Minister of Public Health
- In office 3 November 1952 – 31 March 1953
- President: Carlos Ibáñez del Campo
- Preceded by: Sótero del Río
- Succeeded by: Eugenio Suárez Herreros

Personal details
- Born: 19 December 1895 Viña del Mar, Chile
- Died: 31 March 1959 (aged 63) Santiago, Chile
- Party: Independent
- Spouse: Adriana Ojeda Osorio ​ ​(m. 1921)​
- Children: 2
- Parent(s): Ernesto Coutts Eugenia Billwiller
- Education: University of Chile
- Profession: Physician, surgeon

= Waldemar Coutts =

Waldemar Ernesto Coutts Billwiller (Viña del Mar, 19 December 1895 – Santiago, 31 March 1959) was a Chilean physician, surgeon, and politician.

He served as Minister of Public Health, Social Welfare and Assistance from 1952 to 1953 during the second administration of President Carlos Ibáñez del Campo.

==Early life==
Coutts was born in Viña del Mar, Chile, on 19 December 1895, the son of Ernesto Coutts and Eugenia Billwiller.

He received his primary and secondary education at the Liceo de Aplicación before studying medicine at the University of Chile, graduating as a physician and surgeon in 1918.

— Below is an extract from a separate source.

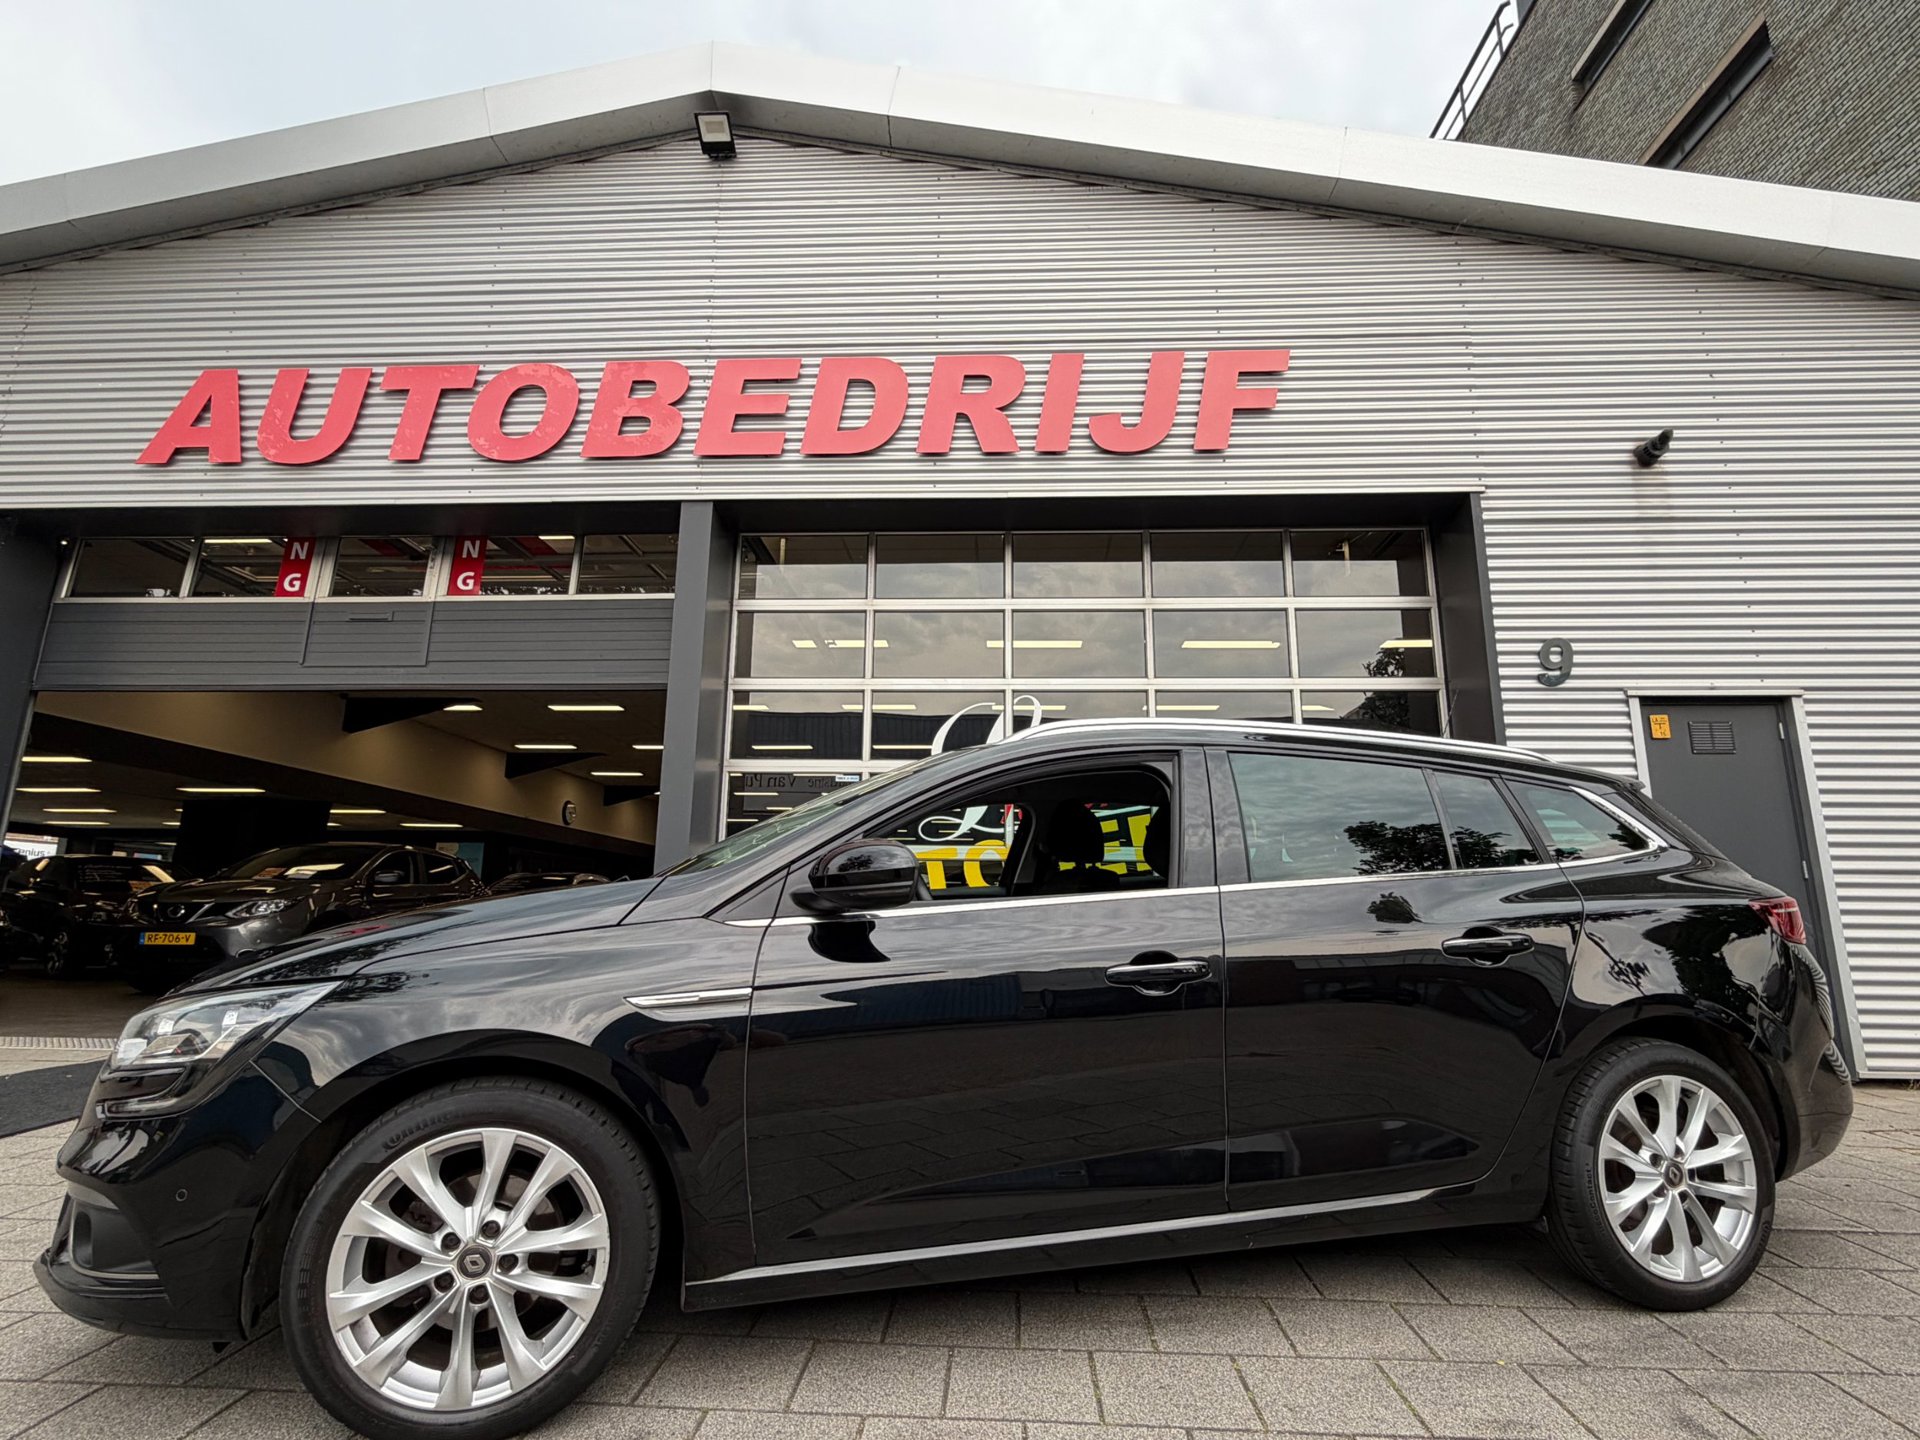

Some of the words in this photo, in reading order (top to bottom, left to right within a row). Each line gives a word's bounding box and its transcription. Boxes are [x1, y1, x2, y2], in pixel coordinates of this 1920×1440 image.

[135, 349, 1290, 465] AUTOBEDRIJF
[1537, 637, 1573, 687] 9
[147, 933, 191, 943] RF-706-V

On 8 January 1921, he married Adriana Ojeda Osorio in Santiago. They had two sons, Jaime and Waldemar.

==Political career==
During his medical career, Coutts published a number of works and presented research before Chilean medical societies. He founded the Society of Urology and its journal. He also presented research at the 1933 Medical Conference and the first Congress of Paediatrics.

Alongside physicians Sótero del Río and Leonardo Guzmán Cortés, Coutts founded the UNO, a paramilitary organisation that subsequently joined Eulogio Sánchez's Republican Militia. He was politically active during the events surrounding the coup d'état of 4 June 1932, supporting efforts to secure the military's withdrawal from political power.

Coutts worked as a physician in the Urology Service of the Hospital Clínico de la Universidad de Chile and served as chief physician of the Department of Social Hygiene within the General Directorate of Health. In 1939, he joined the Faculty of Medicine of the University of Chile as a professor.

Politically unaffiliated, Coutts was appointed Minister of Public Health, Social Welfare and Assistance by President Carlos Ibáñez del Campo on 3 November 1952. He served in the post until 31 March 1953.

Coutts also represented Chile at medical congresses in Europe, the United States, and South America. He served as a member of the World Health Organization (WHO) Expert Committee on Venereal Diseases and of an international expert committee in the same field.

Coutts died in Santiago on 31 March 1959, aged 63.